Вячеслав Шишков - Угрюм-река
Только ло-о-дочка да черне.., да черне-е-е-ет!
— Тяни! Тяни! — командуют обалделые, с заплеванными бородами десятский с сотским. С полсотни подгулявших баб и девок, влегая грудью в лямки, прут судно по луговине вниз, к воде. Пять вдребезги пьяных мужиков, падая, разбивая себе зубы, усердно подхватывают лодку сзади.
— Вали веселей, вали!.. — подбадривает Прохор. — Всем по золотому!
Охальные бабы оглядываются на Прохора, толкают одна другую локтем в бок, хохочут. Девкам оглянуться стыдно, уж разве так, как-нибудь, из-под руки, сквозь пальцы. А вот как подмывает оглянуться.
Лодка поскрипывает, мужики подергивают, бабы зубоскалят над голым Прохором. А лодка ходом-ходом вниз.
— Чего будешь, хозяин, в воде делать? — кричат бабы.
— С бабами, с девками купаться.
— Ишь ты, лакомый! Водичка шибко холодна.
— Коньячком да наливкой согреем…
— Ишь ты!.. Не ослепни, смотри, на голых глядя… Вот ужо хозяйке твоей пожалуемся… Вот ужо, ужо…
— Стоп!! — гаркает дьякон Ферапонт. Все вздрагивают, выпрямляют спины. — Господин атаман! — вопрошает он. — А не видать ли чего в лодочке?

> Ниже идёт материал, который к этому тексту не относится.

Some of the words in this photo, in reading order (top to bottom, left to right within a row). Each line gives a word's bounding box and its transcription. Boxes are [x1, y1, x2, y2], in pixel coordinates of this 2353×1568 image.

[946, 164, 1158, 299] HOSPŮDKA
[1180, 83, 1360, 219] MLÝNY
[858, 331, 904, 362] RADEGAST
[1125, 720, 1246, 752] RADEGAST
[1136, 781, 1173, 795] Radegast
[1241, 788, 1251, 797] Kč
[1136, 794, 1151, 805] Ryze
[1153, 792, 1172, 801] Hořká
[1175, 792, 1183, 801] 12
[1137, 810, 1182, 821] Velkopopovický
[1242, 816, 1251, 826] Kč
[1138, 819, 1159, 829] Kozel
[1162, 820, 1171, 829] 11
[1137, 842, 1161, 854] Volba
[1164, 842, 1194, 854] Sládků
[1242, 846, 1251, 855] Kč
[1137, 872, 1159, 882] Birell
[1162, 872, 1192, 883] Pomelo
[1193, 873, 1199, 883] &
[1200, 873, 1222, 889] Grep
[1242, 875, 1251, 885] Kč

— Нет, ничего не Видать, — и Прохор вновь взмахивает рукой, как капельмейстер. Хор визжит:
Только паруса беле.., да беле-е-еют!..
Иван Иванович стоит в тарантасе во весь рост, глаза его как под солнцем куски льдин: покапывают слезы.
— Вот это и есть Прохор-то?
Его голос дрожит, бритый рот кривится.
— Да, — отвечает ему Иннокентий Филатыч. — Он самый.
— Тьфу! — болючий летит плевок вслед удаляющейся лодке с Посейдоном. — Погоняй, ямщик!
ЧАСТЬ 6
1
Стояла небывалая жара. Тайга суха, как порох. На вершине башни «Гляди в оба» день и ночь дежурят дозорные, по тайге рыщут на лошаденках старики из мужиков или калеки с производства — их обязанность охранять лес от пожаров, они получают гроши и называются «огневщиками».
Тайгу от пожаров стерегли огневщики; рабочую толщу, где много горючего и горького, раздували «поджигатели» — им больше невмочь терпеть угнетения себе подобных.
Впрочем, организация протеста происходила самотеком, стихийно, как и лесной пожар. В бараках, в чайных, в землянках стали появляться «разговорщики» из своих смекалистых парней или из политических ссыльных, работавших на предприятиях, а то и просто ветер с поля: какой-нибудь Гриша Голован, какой-нибудь Петя Книжник — перелетные птицы, не имевшие пристанища.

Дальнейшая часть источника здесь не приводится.